GP practices can barely keep afloat with their current workload without calling people in for extras, however worthwhile. After my colleague resigned due to work related hypertension, I'm now the only trained nurse (who works part time and is going early in two years myself) for nearly 10,000 patients. If you want your first Shingrix from me you'll be looking at six weeks.
No need to go through a consultant though, just ask the surgery yourself if you think you're eligible and the nurse will add it to their list to look into.

I find it crazy that I’m not eligible- on a biologic but under 50. I ended up paying privately. My rheumatologist said that if I could afford it I should do ahead and he was embarrassed he couldn’t give it to me for free.

@Ibuamnti what you might not realise is that in GP land we identify eligible patients by running system searches, based on things like medication. Biologics tend to be supplied by a secondary care directed provider and so won’t be on your medication repeats list, for example. So in effect the system “doesn’t know” you’re on it, and so can’t identify you as eligible.

If we have a letter from a consultant saying “please offer Mrs Bloggs Shingrix” we can then add the read code for eligibility, and send you an invitation. If a patient emails and says “I think I might be eligible as I’m on adalimumab” the email will be pinged to the GP, or lead nurse (I.e. me) and I can invite you in.

@Twilightstarbright Shingrix isn’t licensed for under 50s (unless you’ve had a stem cell transplant).

@sidge, not quite sure if you're being patronising or the system you use in your surgery is a bit outdated, but patients on biologics require regular blood tests, normally done at GP surgeries.

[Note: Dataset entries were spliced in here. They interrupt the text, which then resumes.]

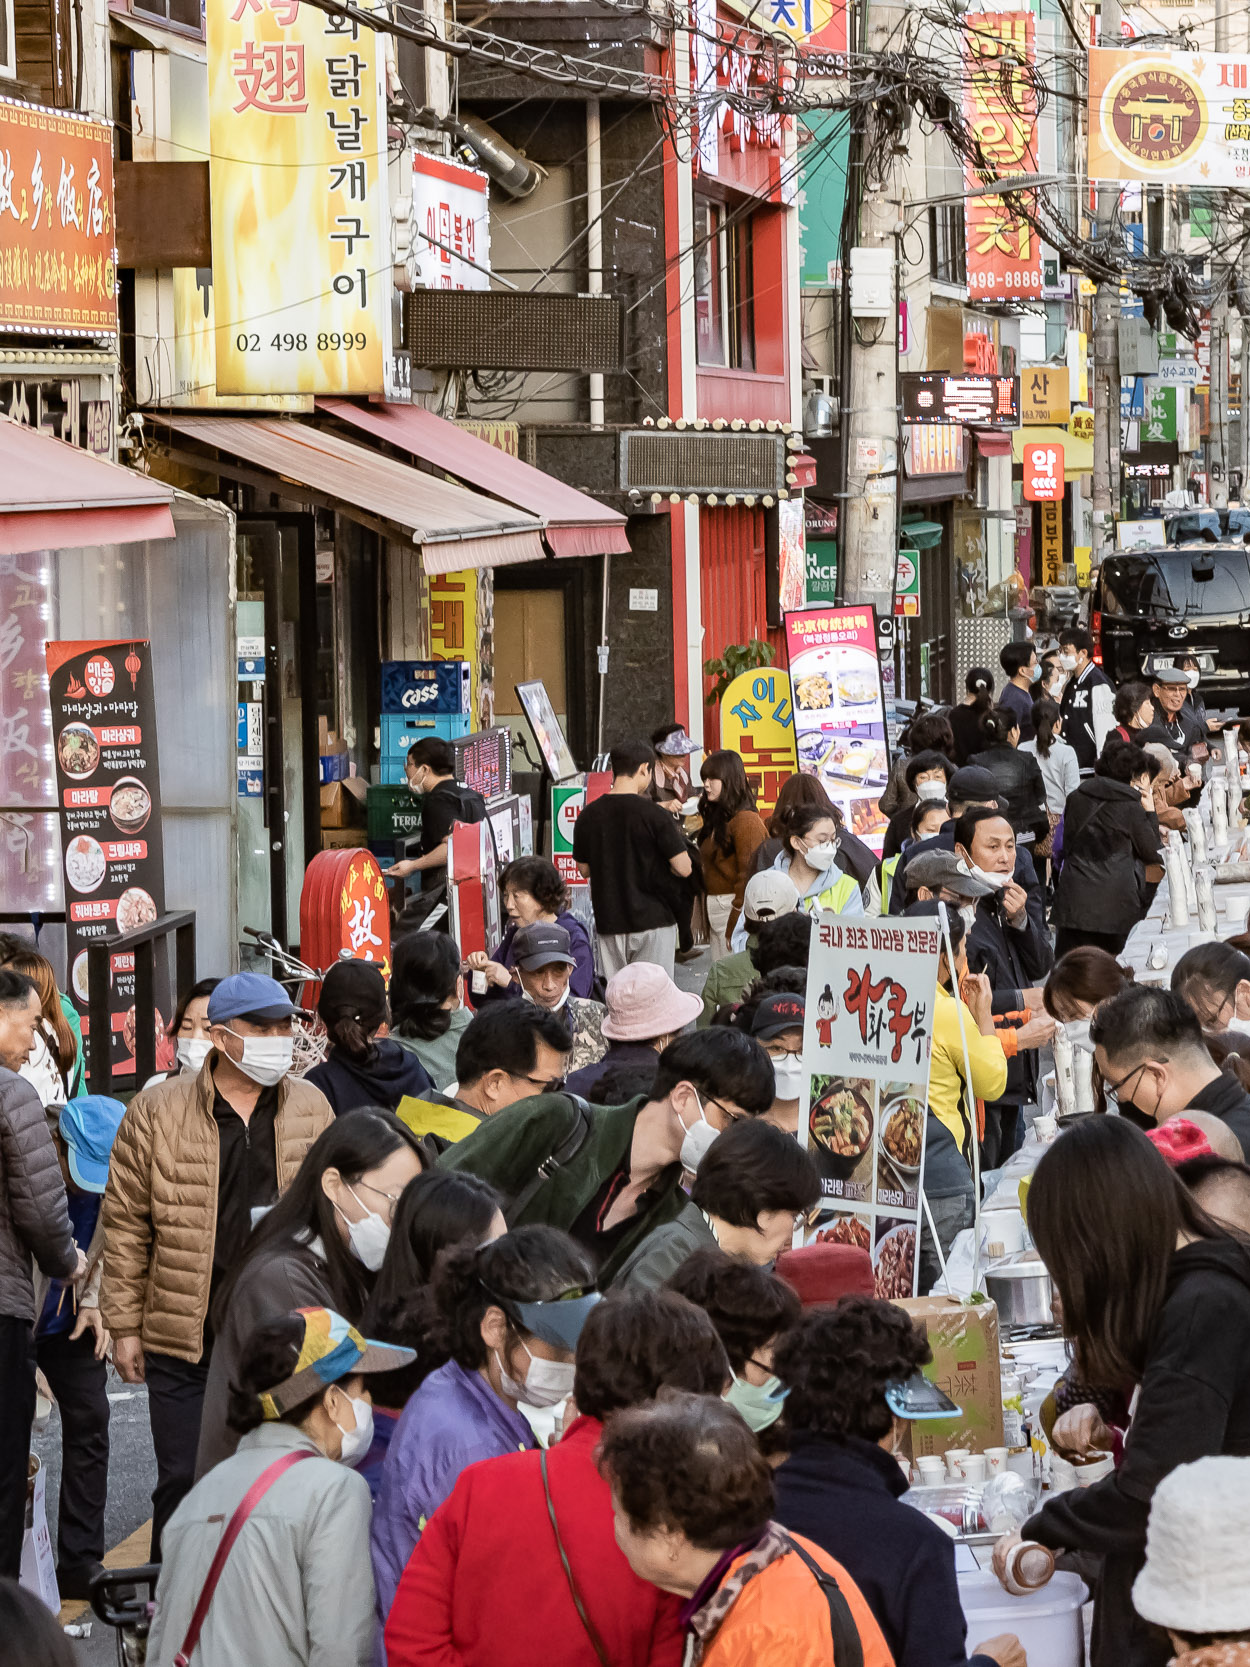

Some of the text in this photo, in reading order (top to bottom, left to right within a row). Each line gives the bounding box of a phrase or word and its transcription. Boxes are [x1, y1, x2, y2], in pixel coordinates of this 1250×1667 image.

[969, 271, 1040, 288] 498-8886
[236, 332, 367, 352] 02 498 8999
[1161, 366, 1198, 379] 성수교회
[1031, 449, 1057, 477] 약
[1073, 690, 1089, 708] K
[819, 925, 939, 955] 국내 최초 마라탕 전문점

Aside from this clinic letters are automatically sent from secondary care providers to "GP land" updating medications and current health status.
In immunosuppressed land, our GP surgery contacts a patient regarding other vaccines, such as covid and flu because of immunosuppression status.
Hth

@Ibuamnti neither to both.

Yes of course regular bloods are needed and letters added to the system. What I’m saying is that when we run searches eg for flu, shingles or pneumococcal vaccs, they’re created based on meds eg a biologic, or a Snomed code for immune suppression. They’re not created based on the need for blood tests. The searches are only as good as the codes that have been inputted, so if Arden’s created a Shingrix report based on eligibility due to a biologic it won’t find you as the biologic isn’t on your medication list as it’s not prescribed by your GP.

If a code for eg immune suppression is inputted by the data team when a letter is received from the hospital, it may be found if the Arden’s search is set up to find it.

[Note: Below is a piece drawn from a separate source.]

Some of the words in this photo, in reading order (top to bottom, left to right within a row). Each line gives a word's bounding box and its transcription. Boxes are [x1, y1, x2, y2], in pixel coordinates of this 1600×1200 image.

Im writing this as both the lead nurse vaccination lead, and a person on a biologic so I know how it works, and wasn’t trying to be patronising. Just trying to explain why patients might not be called when eligible.

We have nearly 10,000 patients on our list, keeping on top of eligibility and recall is a mammoth task. Especially when consultants might tell a patient to come and have a vaccine they’re not actually eligible for which is a whole other issue!

My rheumatologist prescribes my meds and gives me my blood forms to book my tests via the hospital phlebotomy service. I organise it all myself.
She puts everything, including the blood results, in her letters to gp.
However, the last time I went to the gp, I happened to mention my mtx injections and she (gp) had no idea I was on them. She asked me about monitoring and I just reasured her it was all in hand.
I don't think anyone has time to read the letters. I don't think the mtx is recorded anywhere.
I just had a covid jab though, so that must be through a different system.

Thank you for flagging this. There has been lots of adverts on the tv recently about this so I'm surprised more don't know. We have also put it in our patient newsletter.

We do have all our patient's notes flagged but we don't have time to call them in. We do catch patients if they have an appointment for something else though.